G-CSF safe during chemoradiotherapy for SCLC
The use of granulocyte colony stimulating-factor (G-CSF) is safe in patients with limited-stage small-cell lung cancer (SCLC) treated with chemoradiotherapy, according to a post hoc analysis of the phase III CONVERT trial presented at the European Lung Cancer Conference (ELCC) 2017.
The results showed a significantly increased incidence of grade 3/4 thrombocytopenia (29.4 vs 13 percent; p<0.001) and grade 3/4 anaemia (20.9 vs 8.3 percent; p=0.004) in patients who received G-CSF vs those who did not. [ELCC 2017, abstract LBA2_PR]
“However, these rates were lower than previously reported,” said lead author Dr Fabio Gomes of the Christie NHS Foundation Trust, Manchester, UK. “The use of G-CSF did not increase the risk of severe acute oesophagitis or pneumonitis. Overall survival [OS] and progression-free survival [PFS] were similar between patients who used G-CSF and those who did not.”
The CONVERT trial included 547 patients with limited-stage SCLC who were randomized to receive concurrent chemoradiotherapy with once-daily (66 Gy 33 fractions) or twice-daily (45 Gy 30 fractions) radiotherapy. [ASCO 2016, abstract 8504] The trial protocol allowed the use of G-CSF, which is controversial as the American Society of Clinical Oncology (ASCO) recommends against its routine use during concurrent chemoradiotherapy in SCLC. [J Clin Oncol 2015;33:3199-3212]
“This recommendation was based on a randomized trial conducted between 1989 and 1991, which showed a significant increase in severe thrombocytopenia, severe anaemia, pulmonary complications and toxic deaths when granulocyte-macrophage CSFs [GM-CSFs] were used during concurrent chemoradiotherapy,” explained Gomes. [J Clin Oncol 1995;13:1632-1641]
“However, GM-CSFs act on more than one blood cell lineage and are not commonly used nowadays. In contrast, G-CSFs are more specific as they aim for the neutrophil lineage only,” he noted. “Furthermore, radiotherapy techniques have become more precise today, which reduces the risk of toxicity.”
“We can conclude from this analysis that the use of G-CSF during thoracic radiotherapy is safe and should support patients to receive the full planned course of concurrent chemoradiotherapy,” he suggested. “Our findings give clinicians confidence to use G-CSF when needed in this context.”
In the trial, 33 percent of patients received at least one cycle of prophylactic G-CSF, while 41 percent received prophylactic and/or therapeutic G-CSF. The use of G-CSF increased from 11 percent in cycle 1 to 27 percent in cycle 4.

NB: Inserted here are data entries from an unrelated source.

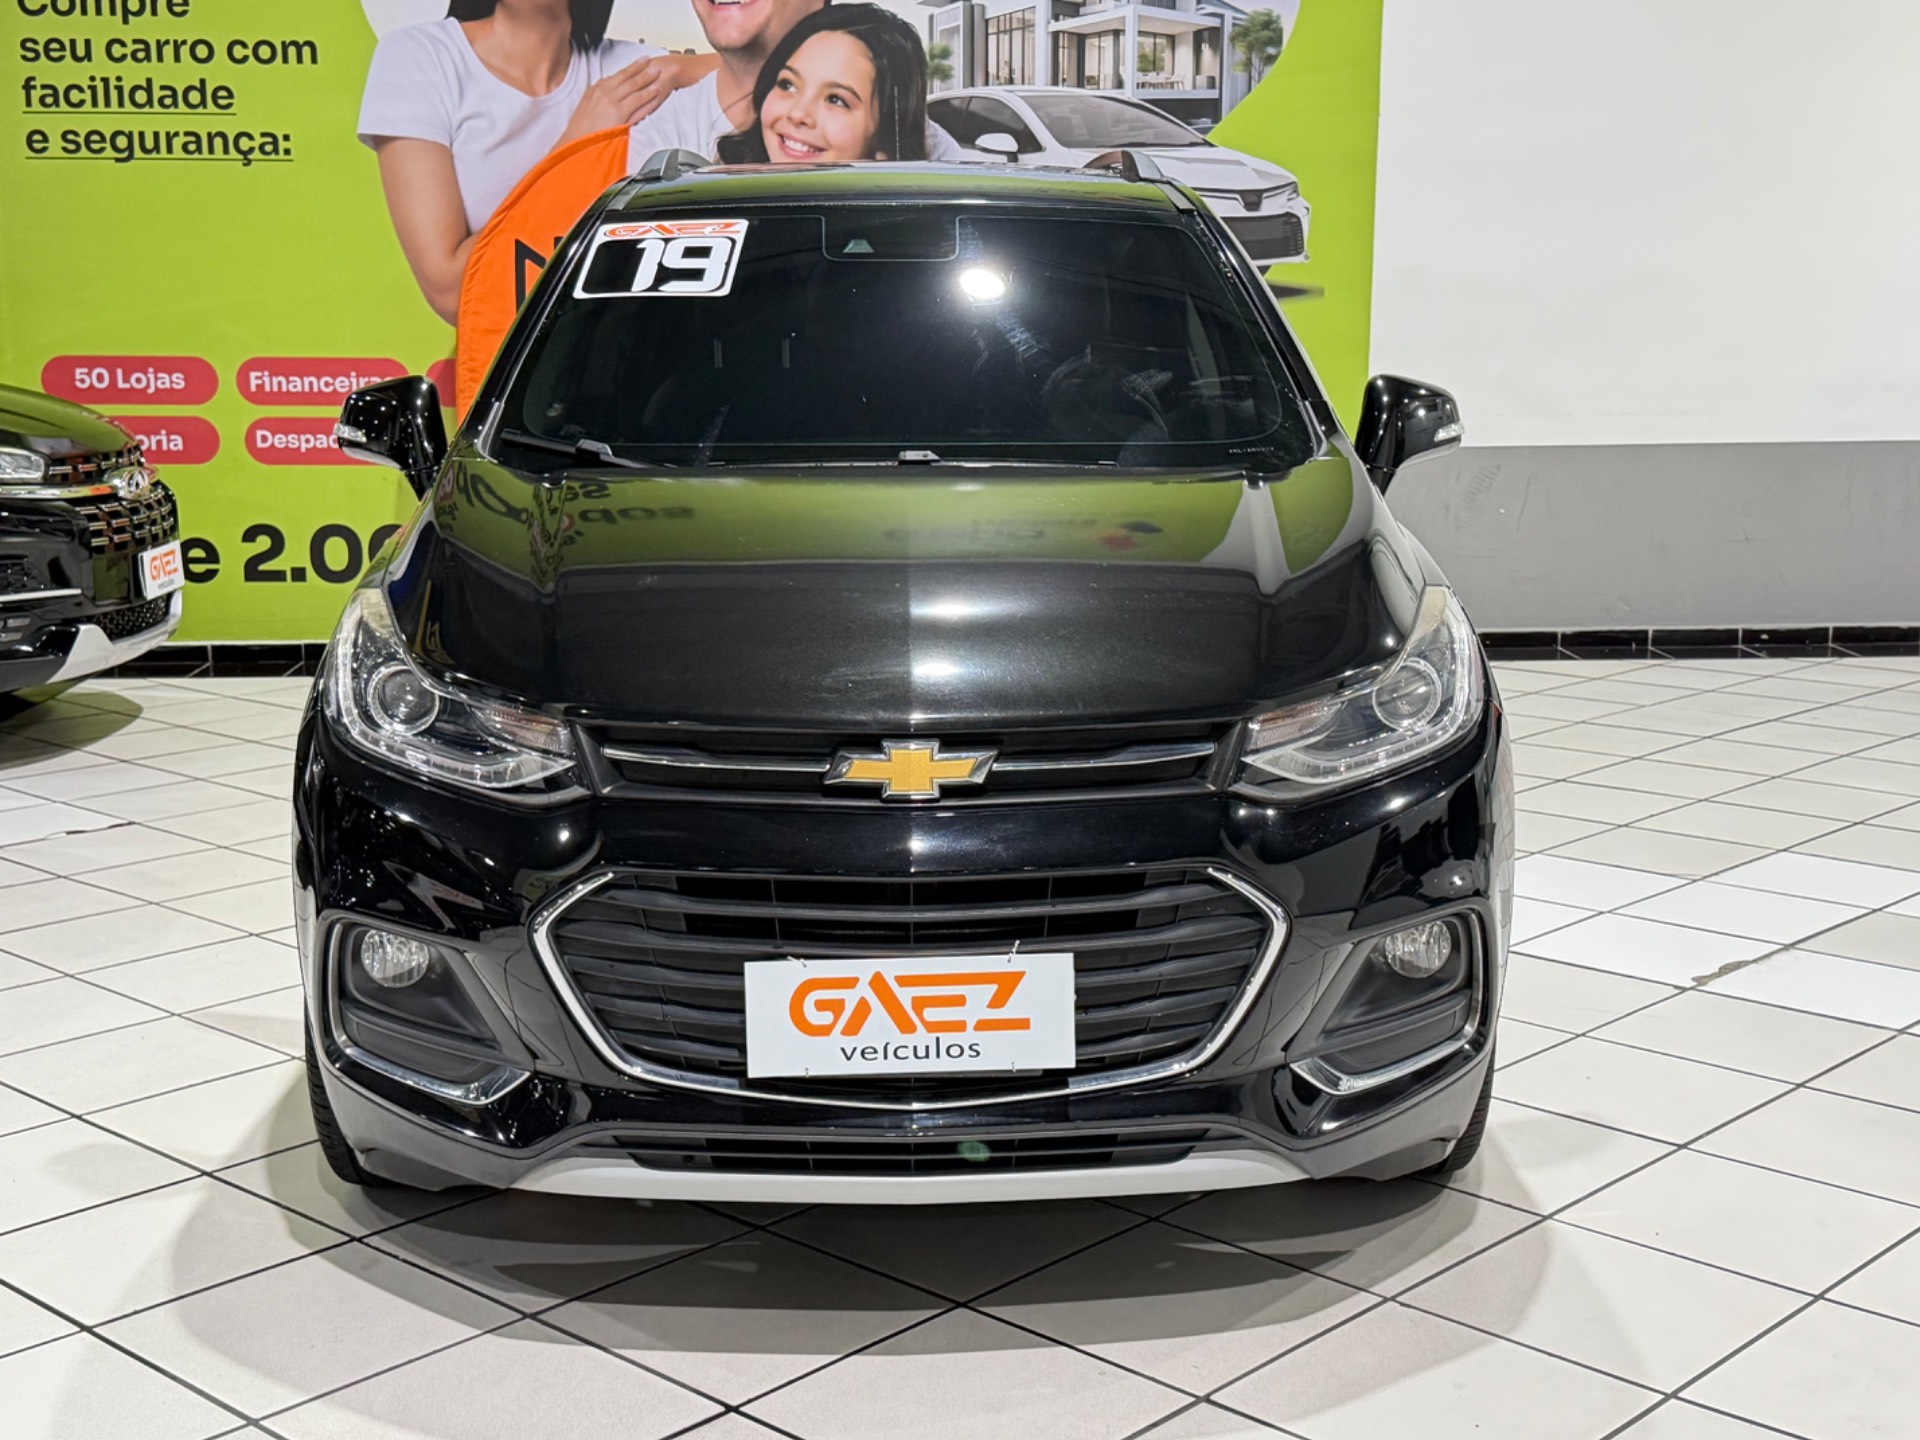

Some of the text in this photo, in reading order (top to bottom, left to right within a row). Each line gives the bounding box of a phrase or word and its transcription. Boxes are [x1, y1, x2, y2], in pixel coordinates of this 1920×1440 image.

[19, 37, 318, 65] seu carro com
[22, 75, 235, 110] facilidade
[25, 129, 293, 167] e segurança:
[631, 238, 732, 292] 19
[74, 367, 186, 394] 50 Lojas
[249, 371, 395, 393] Financeir
[788, 970, 1031, 1038] GAEZ
[839, 1036, 981, 1062] veículos
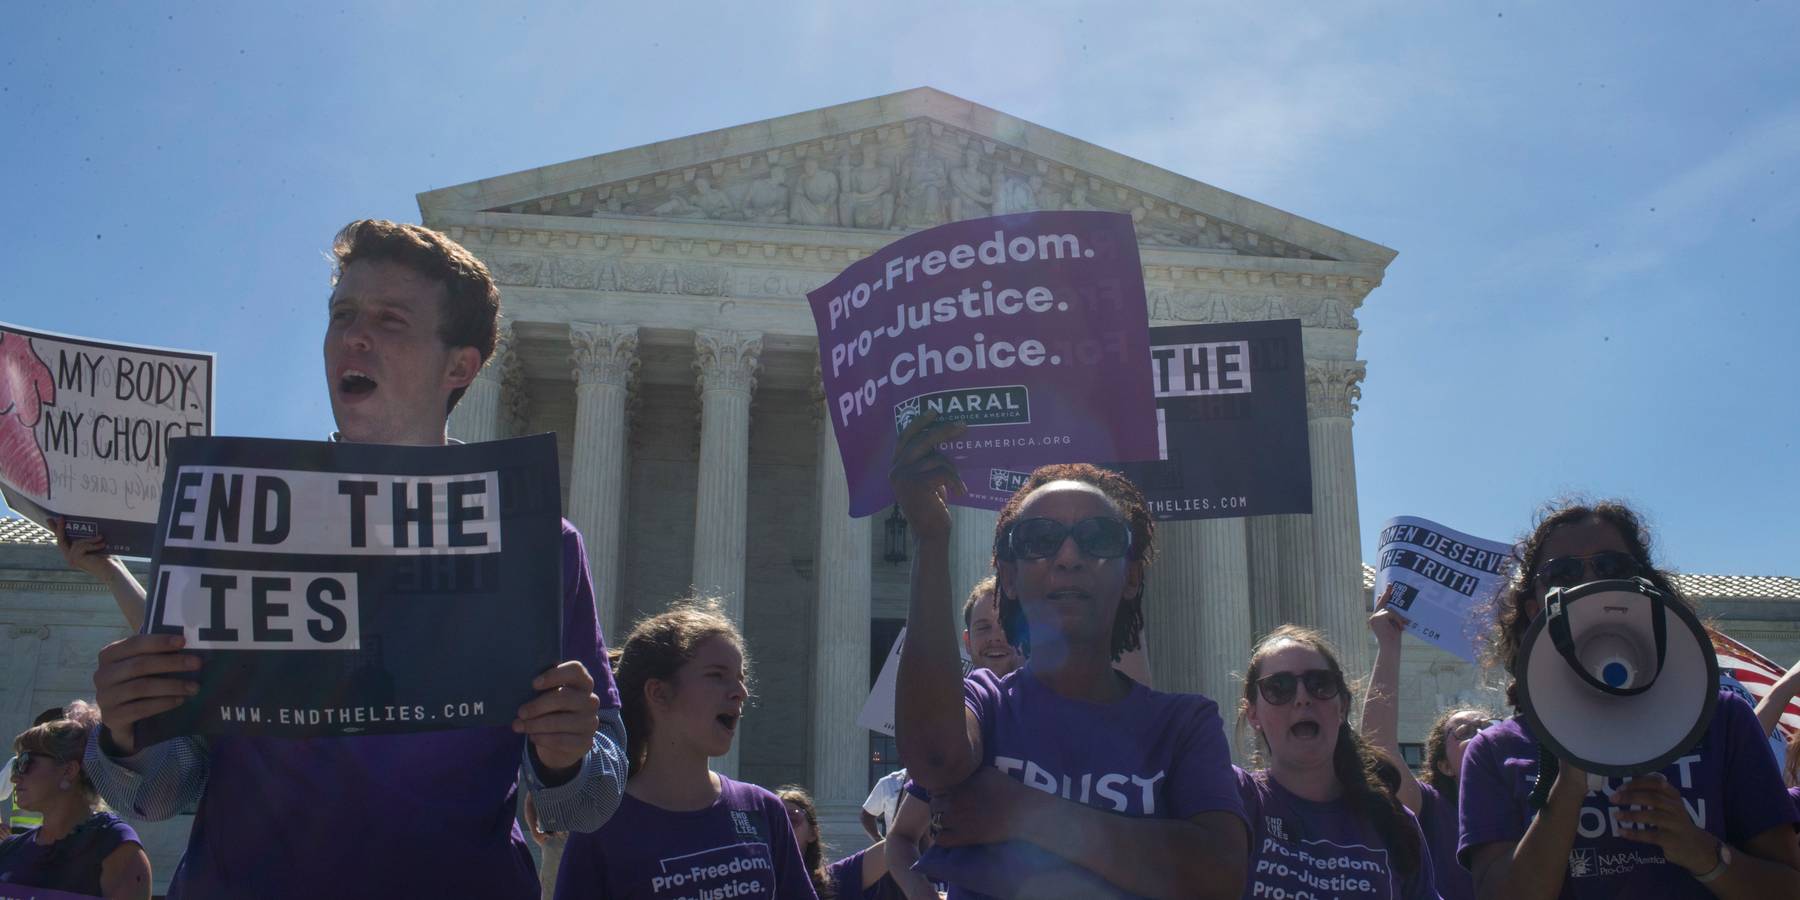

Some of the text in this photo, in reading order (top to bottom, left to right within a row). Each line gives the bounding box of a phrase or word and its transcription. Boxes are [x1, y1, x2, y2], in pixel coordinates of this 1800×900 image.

[829, 231, 1095, 330] Pro-Freedom.
[832, 281, 1069, 378] Pro-Justice.
[58, 349, 105, 397] MY
[838, 333, 1061, 428] Pro-Choice.
[1151, 345, 1243, 393] THE
[927, 392, 1020, 414] NARAL
[936, 412, 980, 423] O-CHOICE
[44, 410, 85, 458] MY
[937, 434, 1072, 450] OICEAMERICA.ORG
[168, 472, 292, 545] END
[338, 479, 488, 549] THE
[1147, 496, 1247, 512] THELIES.COM
[65, 521, 94, 533] ARAL
[1381, 550, 1477, 595] THE TRUTH
[150, 571, 348, 643] LIES
[220, 701, 486, 725] WWW.ENDTHELIES.COM
[1262, 839, 1385, 874] Pro-Freedom.
[1600, 864, 1634, 876] Pro-Cho
[651, 857, 771, 893] Pro-Freedom.
[673, 880, 766, 900] -Justice.
[1253, 881, 1340, 900] Pro-Ch
[1256, 860, 1377, 893] Pro-Justice.
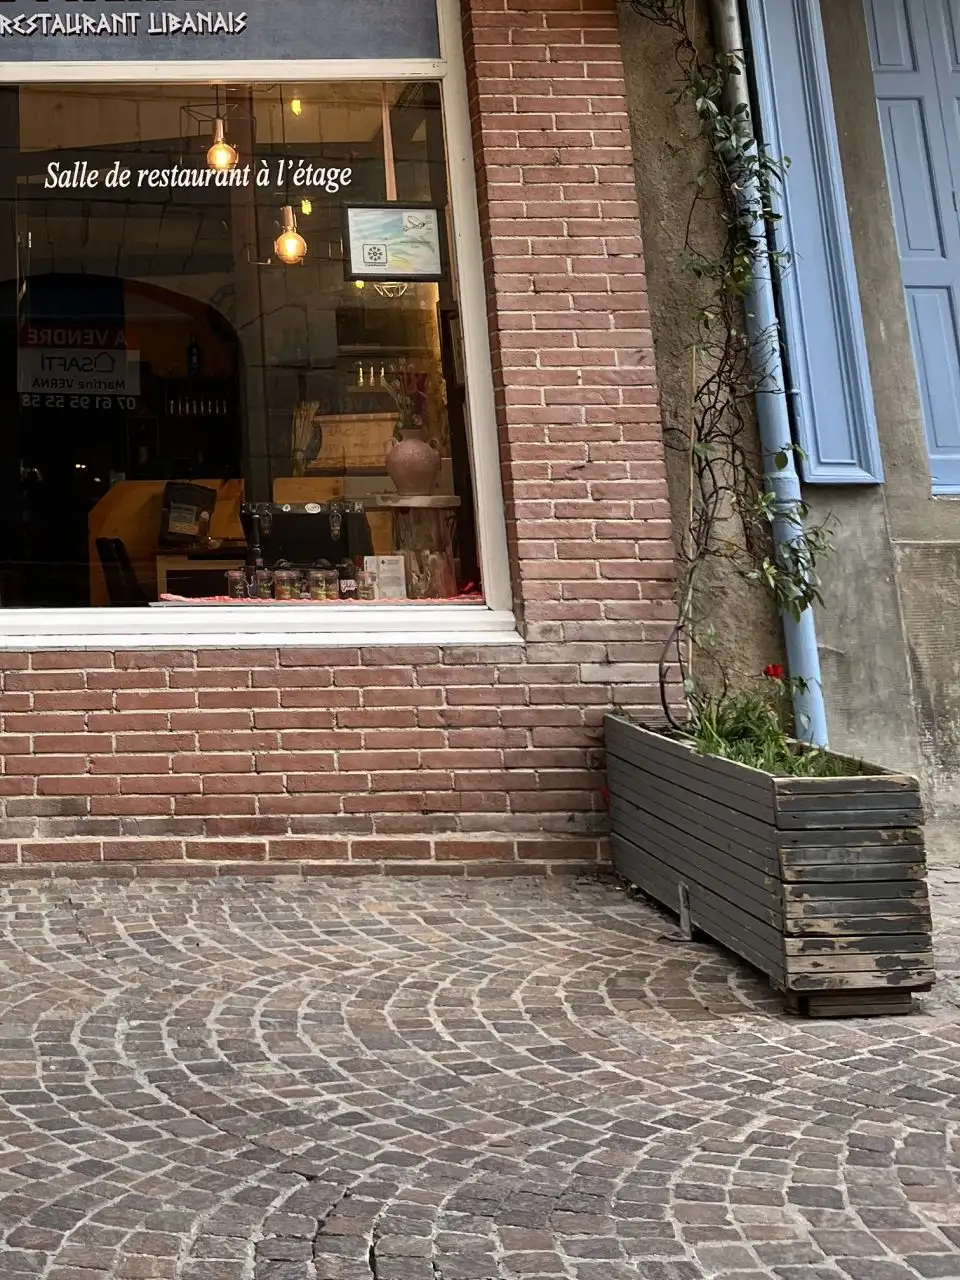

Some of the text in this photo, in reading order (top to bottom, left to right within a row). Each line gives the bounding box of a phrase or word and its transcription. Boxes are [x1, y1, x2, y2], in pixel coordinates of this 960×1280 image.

Antibiotic use was also allowed in the trial. Forty-eight percent of patients received prophylactic antibiotics, but its used decreased from 41 percent in cycle 1 to 20 percent in cycle 3. Prophylactic use of antibiotics was associated with significantly worse OS (p=0.016) and PFS (p=0.03).
“Although the use of G-CSF did not increase the risk of pneumonitis in this analysis, the incidence of severe thrombocytopenia is a concern. Based on these results, we can conclude that primary or secondary prophylaxis of febrile neutropenia with G-CSF is justified, but patients at higher risk of thrombocytopenia should be treated with caution,” commented Dr Stefan Zimmermann of the HFR – Hôpital Cantonal, Fribourg, Switzerland.